=== Begin Enclosure ===

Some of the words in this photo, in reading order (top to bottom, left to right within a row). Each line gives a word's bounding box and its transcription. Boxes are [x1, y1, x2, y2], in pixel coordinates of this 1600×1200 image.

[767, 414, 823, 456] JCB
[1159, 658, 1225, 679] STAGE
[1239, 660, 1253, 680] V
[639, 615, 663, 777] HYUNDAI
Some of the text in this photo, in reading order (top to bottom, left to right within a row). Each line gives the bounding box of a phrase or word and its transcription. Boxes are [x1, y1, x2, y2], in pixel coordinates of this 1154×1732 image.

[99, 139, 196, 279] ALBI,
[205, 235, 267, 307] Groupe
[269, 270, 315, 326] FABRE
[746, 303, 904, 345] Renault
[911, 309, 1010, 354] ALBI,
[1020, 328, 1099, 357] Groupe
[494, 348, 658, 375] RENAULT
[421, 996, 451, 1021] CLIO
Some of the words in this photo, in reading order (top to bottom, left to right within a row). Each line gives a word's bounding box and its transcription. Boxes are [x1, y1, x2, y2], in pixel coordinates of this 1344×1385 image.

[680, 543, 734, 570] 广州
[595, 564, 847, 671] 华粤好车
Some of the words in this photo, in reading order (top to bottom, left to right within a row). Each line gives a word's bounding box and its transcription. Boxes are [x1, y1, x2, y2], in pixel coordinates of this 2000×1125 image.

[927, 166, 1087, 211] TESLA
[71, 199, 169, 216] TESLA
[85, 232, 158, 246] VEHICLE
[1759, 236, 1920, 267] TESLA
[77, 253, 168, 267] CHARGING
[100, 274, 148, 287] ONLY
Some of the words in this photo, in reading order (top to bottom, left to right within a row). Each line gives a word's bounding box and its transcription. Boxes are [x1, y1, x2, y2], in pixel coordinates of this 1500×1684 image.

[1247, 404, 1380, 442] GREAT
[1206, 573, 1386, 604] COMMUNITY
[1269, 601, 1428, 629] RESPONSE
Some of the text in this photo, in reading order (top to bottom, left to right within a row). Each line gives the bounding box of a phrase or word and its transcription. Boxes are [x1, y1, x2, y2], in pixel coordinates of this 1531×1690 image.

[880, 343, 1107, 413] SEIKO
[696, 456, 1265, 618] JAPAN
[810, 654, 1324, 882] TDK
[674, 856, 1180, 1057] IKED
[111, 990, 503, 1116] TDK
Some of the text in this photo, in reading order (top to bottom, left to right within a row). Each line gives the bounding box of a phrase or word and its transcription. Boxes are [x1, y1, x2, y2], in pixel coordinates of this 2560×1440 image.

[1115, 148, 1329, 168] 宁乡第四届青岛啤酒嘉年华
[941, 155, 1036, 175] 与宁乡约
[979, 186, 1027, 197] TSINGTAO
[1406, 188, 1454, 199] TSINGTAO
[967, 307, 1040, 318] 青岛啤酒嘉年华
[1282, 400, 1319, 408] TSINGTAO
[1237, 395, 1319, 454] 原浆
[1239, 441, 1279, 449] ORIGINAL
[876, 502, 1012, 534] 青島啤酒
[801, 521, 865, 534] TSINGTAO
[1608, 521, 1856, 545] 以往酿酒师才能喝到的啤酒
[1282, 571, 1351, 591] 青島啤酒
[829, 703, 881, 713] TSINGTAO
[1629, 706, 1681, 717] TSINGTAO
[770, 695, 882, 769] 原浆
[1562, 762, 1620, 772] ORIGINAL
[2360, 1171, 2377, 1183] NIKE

=== End Enclosure ===

## [How to complete this task]
Repeat the data verbatim, line after line, leaving nothing out.

## [Response box]
Some of the words in this photo, in reading order (top to bottom, left to right within a row). Each line gives a word's bounding box and its transcription. Boxes are [x1, y1, x2, y2], in pixel coordinates of this 1600×1200 image.

[767, 414, 823, 456] JCB
[1159, 658, 1225, 679] STAGE
[1239, 660, 1253, 680] V
[639, 615, 663, 777] HYUNDAI
Some of the text in this photo, in reading order (top to bottom, left to right within a row). Each line gives the bounding box of a phrase or word and its transcription. Boxes are [x1, y1, x2, y2], in pixel coordinates of this 1154×1732 image.

[99, 139, 196, 279] ALBI,
[205, 235, 267, 307] Groupe
[269, 270, 315, 326] FABRE
[746, 303, 904, 345] Renault
[911, 309, 1010, 354] ALBI,
[1020, 328, 1099, 357] Groupe
[494, 348, 658, 375] RENAULT
[421, 996, 451, 1021] CLIO
Some of the words in this photo, in reading order (top to bottom, left to right within a row). Each line gives a word's bounding box and its transcription. Boxes are [x1, y1, x2, y2], in pixel coordinates of this 1344×1385 image.

[680, 543, 734, 570] 广州
[595, 564, 847, 671] 华粤好车
Some of the words in this photo, in reading order (top to bottom, left to right within a row). Each line gives a word's bounding box and its transcription. Boxes are [x1, y1, x2, y2], in pixel coordinates of this 2000×1125 image.

[927, 166, 1087, 211] TESLA
[71, 199, 169, 216] TESLA
[85, 232, 158, 246] VEHICLE
[1759, 236, 1920, 267] TESLA
[77, 253, 168, 267] CHARGING
[100, 274, 148, 287] ONLY
Some of the words in this photo, in reading order (top to bottom, left to right within a row). Each line gives a word's bounding box and its transcription. Boxes are [x1, y1, x2, y2], in pixel coordinates of this 1500×1684 image.

[1247, 404, 1380, 442] GREAT
[1206, 573, 1386, 604] COMMUNITY
[1269, 601, 1428, 629] RESPONSE
Some of the text in this photo, in reading order (top to bottom, left to right within a row). Each line gives the bounding box of a phrase or word and its transcription. Boxes are [x1, y1, x2, y2], in pixel coordinates of this 1531×1690 image.

[880, 343, 1107, 413] SEIKO
[696, 456, 1265, 618] JAPAN
[810, 654, 1324, 882] TDK
[674, 856, 1180, 1057] IKED
[111, 990, 503, 1116] TDK
Some of the text in this photo, in reading order (top to bottom, left to right within a row). Each line gives the bounding box of a phrase or word and its transcription. Boxes are [x1, y1, x2, y2], in pixel coordinates of this 2560×1440 image.

[1115, 148, 1329, 168] 宁乡第四届青岛啤酒嘉年华
[941, 155, 1036, 175] 与宁乡约
[979, 186, 1027, 197] TSINGTAO
[1406, 188, 1454, 199] TSINGTAO
[967, 307, 1040, 318] 青岛啤酒嘉年华
[1282, 400, 1319, 408] TSINGTAO
[1237, 395, 1319, 454] 原浆
[1239, 441, 1279, 449] ORIGINAL
[876, 502, 1012, 534] 青島啤酒
[801, 521, 865, 534] TSINGTAO
[1608, 521, 1856, 545] 以往酿酒师才能喝到的啤酒
[1282, 571, 1351, 591] 青島啤酒
[829, 703, 881, 713] TSINGTAO
[1629, 706, 1681, 717] TSINGTAO
[770, 695, 882, 769] 原浆
[1562, 762, 1620, 772] ORIGINAL
[2360, 1171, 2377, 1183] NIKE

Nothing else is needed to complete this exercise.